▸ **Work item**: The entries are to be duplicated exactly, though any picture in them must be omitted.

Text-to-region grounding data:
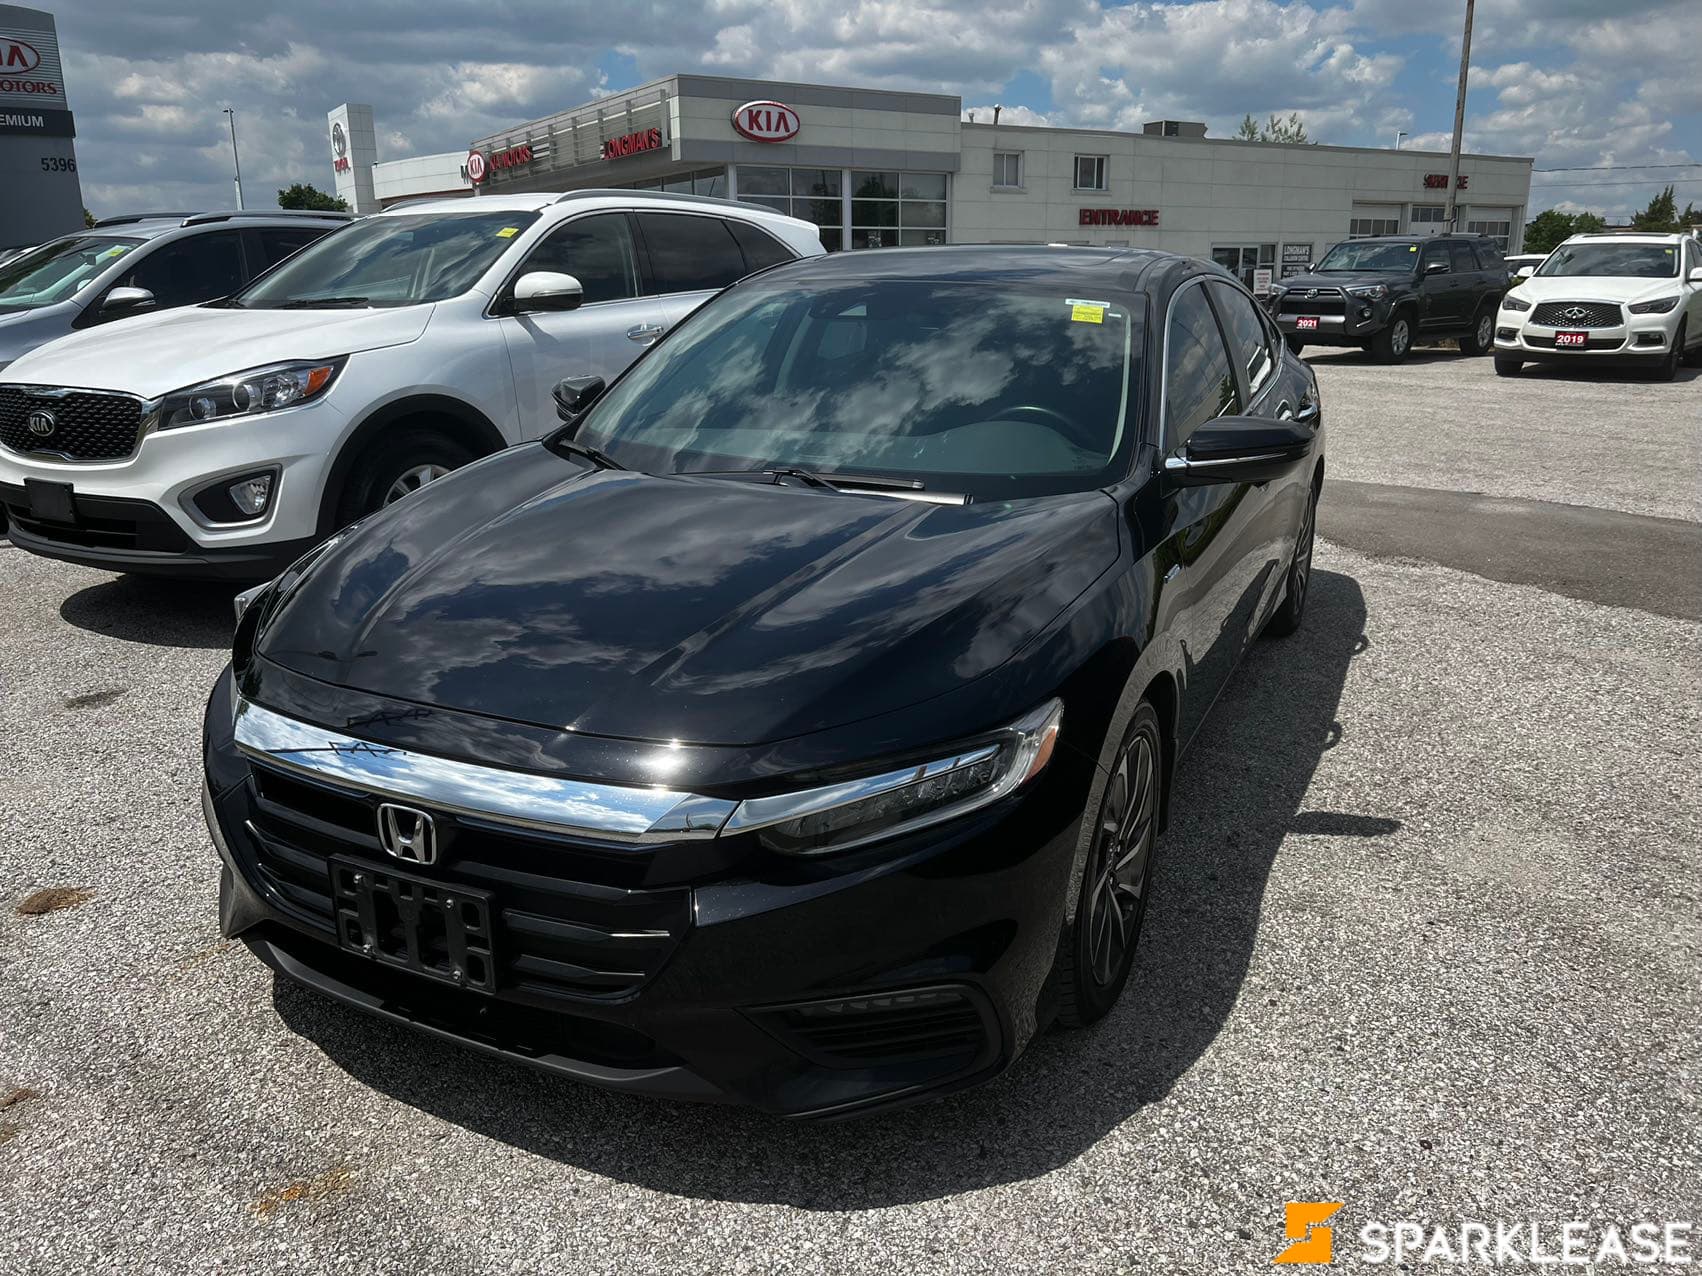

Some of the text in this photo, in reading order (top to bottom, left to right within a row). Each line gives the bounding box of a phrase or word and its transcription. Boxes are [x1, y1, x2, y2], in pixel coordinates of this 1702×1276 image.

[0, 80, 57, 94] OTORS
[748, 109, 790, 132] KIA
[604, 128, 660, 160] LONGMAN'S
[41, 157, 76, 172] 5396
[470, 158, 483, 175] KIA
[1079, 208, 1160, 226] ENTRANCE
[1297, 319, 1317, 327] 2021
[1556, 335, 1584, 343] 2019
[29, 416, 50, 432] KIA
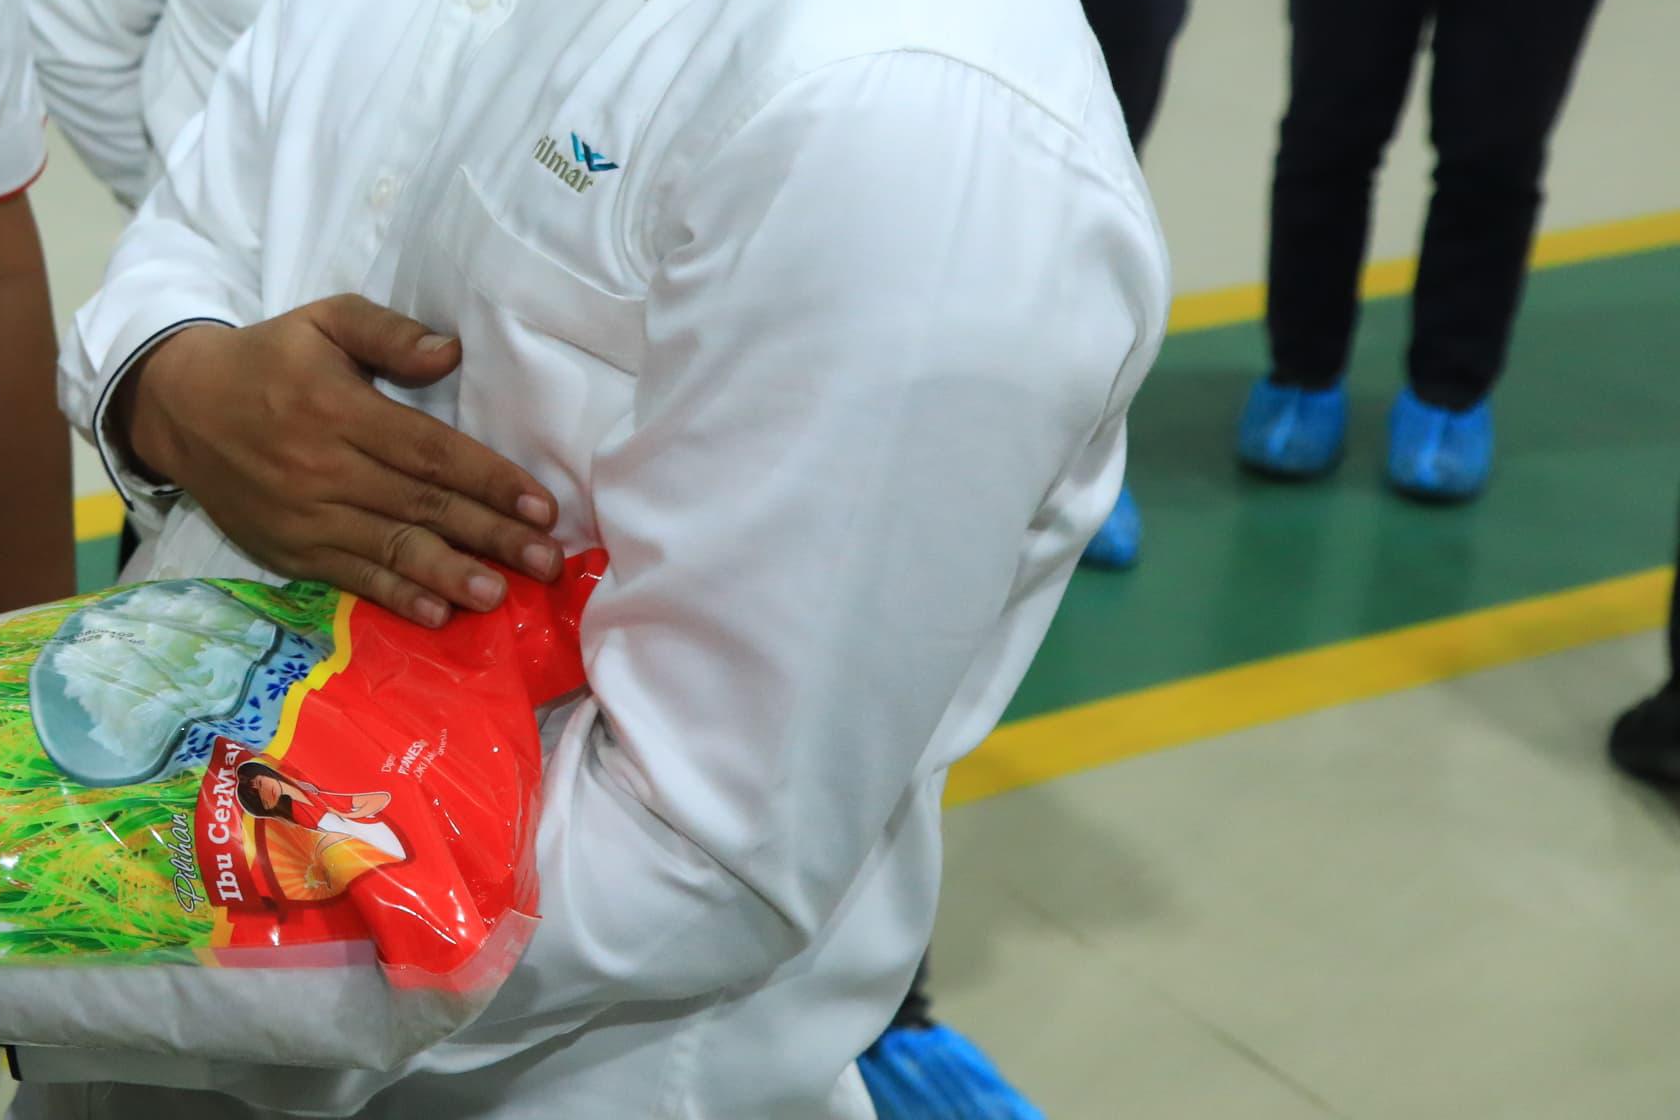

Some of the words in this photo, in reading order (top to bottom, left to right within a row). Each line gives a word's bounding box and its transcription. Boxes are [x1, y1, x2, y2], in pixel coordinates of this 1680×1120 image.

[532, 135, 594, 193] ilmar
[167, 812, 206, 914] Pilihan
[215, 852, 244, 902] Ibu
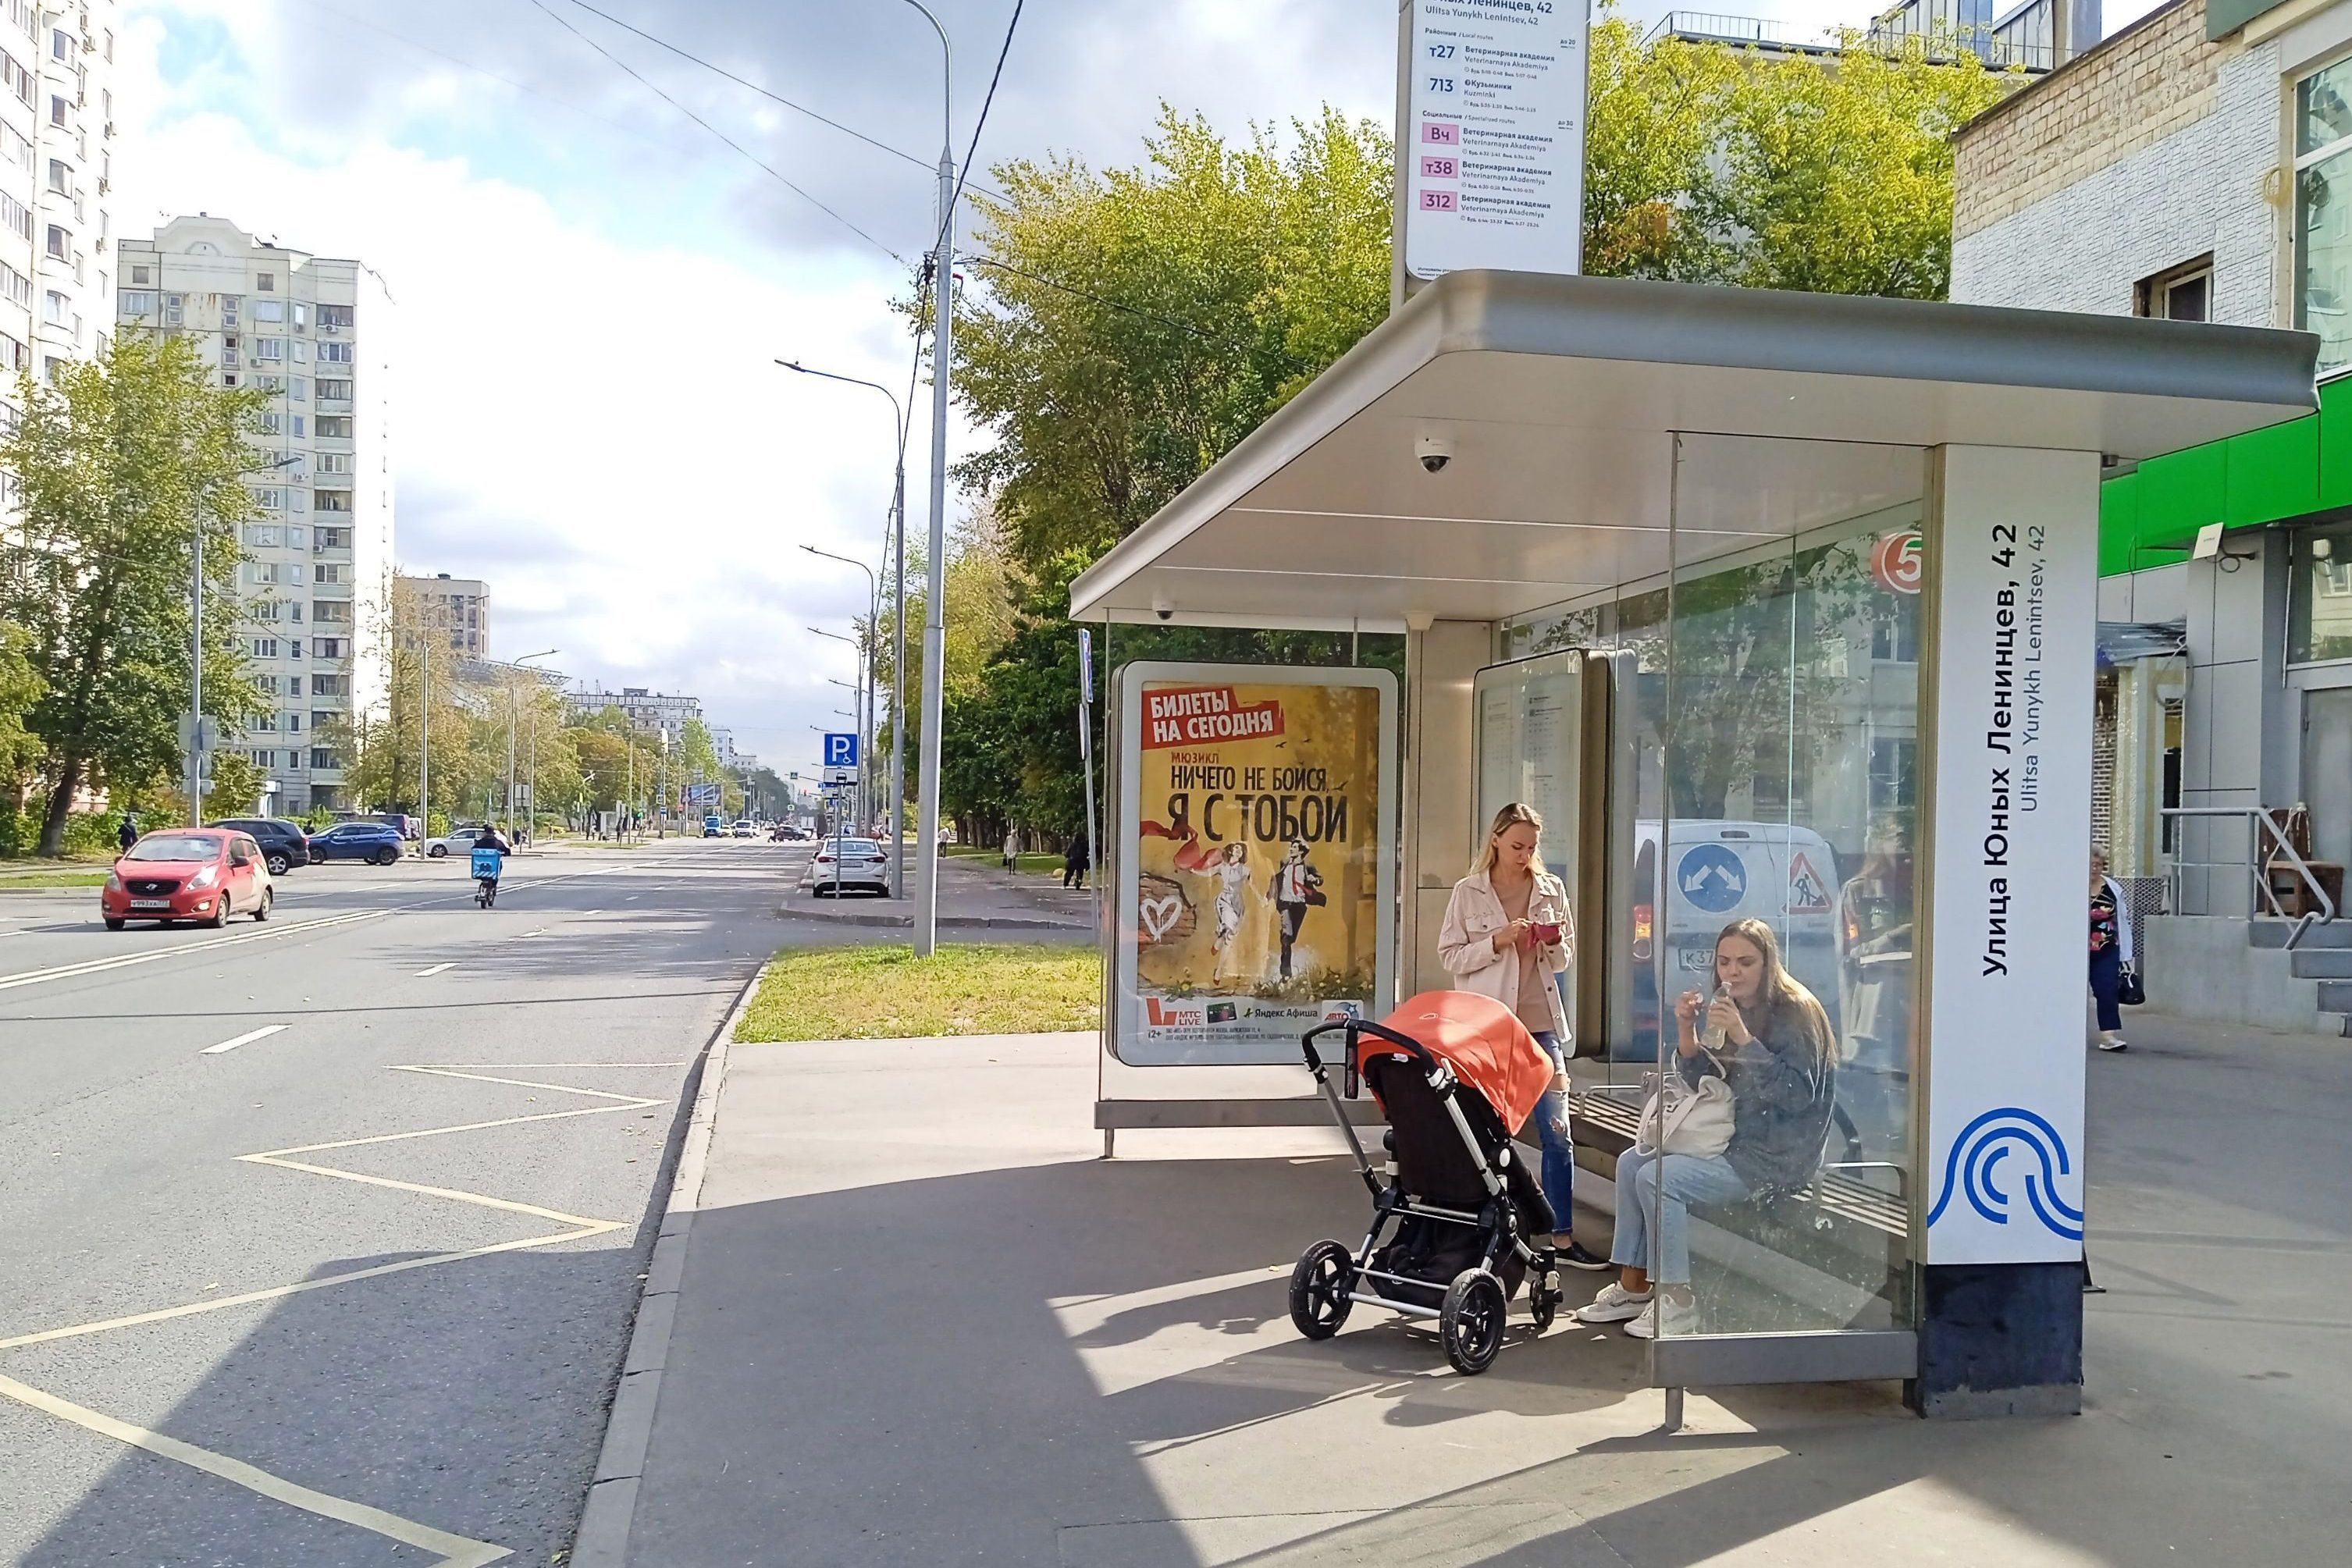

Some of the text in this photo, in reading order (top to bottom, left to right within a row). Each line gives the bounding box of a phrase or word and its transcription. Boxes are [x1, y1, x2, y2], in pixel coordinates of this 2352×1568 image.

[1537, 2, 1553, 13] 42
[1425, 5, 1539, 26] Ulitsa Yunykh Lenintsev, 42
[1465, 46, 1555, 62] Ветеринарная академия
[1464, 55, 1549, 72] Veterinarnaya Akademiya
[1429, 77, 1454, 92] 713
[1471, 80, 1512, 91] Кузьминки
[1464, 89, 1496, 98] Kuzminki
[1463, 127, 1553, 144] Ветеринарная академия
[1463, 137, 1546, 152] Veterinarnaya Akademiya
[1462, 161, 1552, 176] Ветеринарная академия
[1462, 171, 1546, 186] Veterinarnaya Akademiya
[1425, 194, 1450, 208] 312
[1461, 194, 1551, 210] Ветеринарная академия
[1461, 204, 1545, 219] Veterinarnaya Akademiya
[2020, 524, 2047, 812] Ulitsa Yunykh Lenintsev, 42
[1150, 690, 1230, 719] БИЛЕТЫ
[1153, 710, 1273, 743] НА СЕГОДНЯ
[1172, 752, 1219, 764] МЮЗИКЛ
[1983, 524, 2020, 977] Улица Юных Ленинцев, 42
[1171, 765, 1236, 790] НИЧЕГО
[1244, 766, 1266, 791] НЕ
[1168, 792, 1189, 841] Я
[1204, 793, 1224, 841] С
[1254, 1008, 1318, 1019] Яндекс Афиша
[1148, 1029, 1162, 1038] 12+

▸ **Task solution**:
Some of the text in this photo, in reading order (top to bottom, left to right within a row). Each line gives the bounding box of a phrase or word and its transcription. Boxes are [x1, y1, x2, y2], in pixel coordinates of this 1702×1276 image.

[0, 80, 57, 94] OTORS
[748, 109, 790, 132] KIA
[604, 128, 660, 160] LONGMAN'S
[41, 157, 76, 172] 5396
[470, 158, 483, 175] KIA
[1079, 208, 1160, 226] ENTRANCE
[1297, 319, 1317, 327] 2021
[1556, 335, 1584, 343] 2019
[29, 416, 50, 432] KIA

Some of the words in this photo, in reading order (top to bottom, left to right within a row). Each line gives a word's bounding box and its transcription. Boxes are [x1, y1, x2, y2], in pixel coordinates of this 1680×1120 image.

[532, 135, 594, 193] ilmar
[167, 812, 206, 914] Pilihan
[215, 852, 244, 902] Ibu

Some of the text in this photo, in reading order (top to bottom, left to right within a row). Each line gives the bounding box of a phrase or word and its transcription. Boxes are [x1, y1, x2, y2], in pixel coordinates of this 2352×1568 image.

[1537, 2, 1553, 13] 42
[1425, 5, 1539, 26] Ulitsa Yunykh Lenintsev, 42
[1465, 46, 1555, 62] Ветеринарная академия
[1464, 55, 1549, 72] Veterinarnaya Akademiya
[1429, 77, 1454, 92] 713
[1471, 80, 1512, 91] Кузьминки
[1464, 89, 1496, 98] Kuzminki
[1463, 127, 1553, 144] Ветеринарная академия
[1463, 137, 1546, 152] Veterinarnaya Akademiya
[1462, 161, 1552, 176] Ветеринарная академия
[1462, 171, 1546, 186] Veterinarnaya Akademiya
[1425, 194, 1450, 208] 312
[1461, 194, 1551, 210] Ветеринарная академия
[1461, 204, 1545, 219] Veterinarnaya Akademiya
[2020, 524, 2047, 812] Ulitsa Yunykh Lenintsev, 42
[1150, 690, 1230, 719] БИЛЕТЫ
[1153, 710, 1273, 743] НА СЕГОДНЯ
[1172, 752, 1219, 764] МЮЗИКЛ
[1983, 524, 2020, 977] Улица Юных Ленинцев, 42
[1171, 765, 1236, 790] НИЧЕГО
[1244, 766, 1266, 791] НЕ
[1168, 792, 1189, 841] Я
[1204, 793, 1224, 841] С
[1254, 1008, 1318, 1019] Яндекс Афиша
[1148, 1029, 1162, 1038] 12+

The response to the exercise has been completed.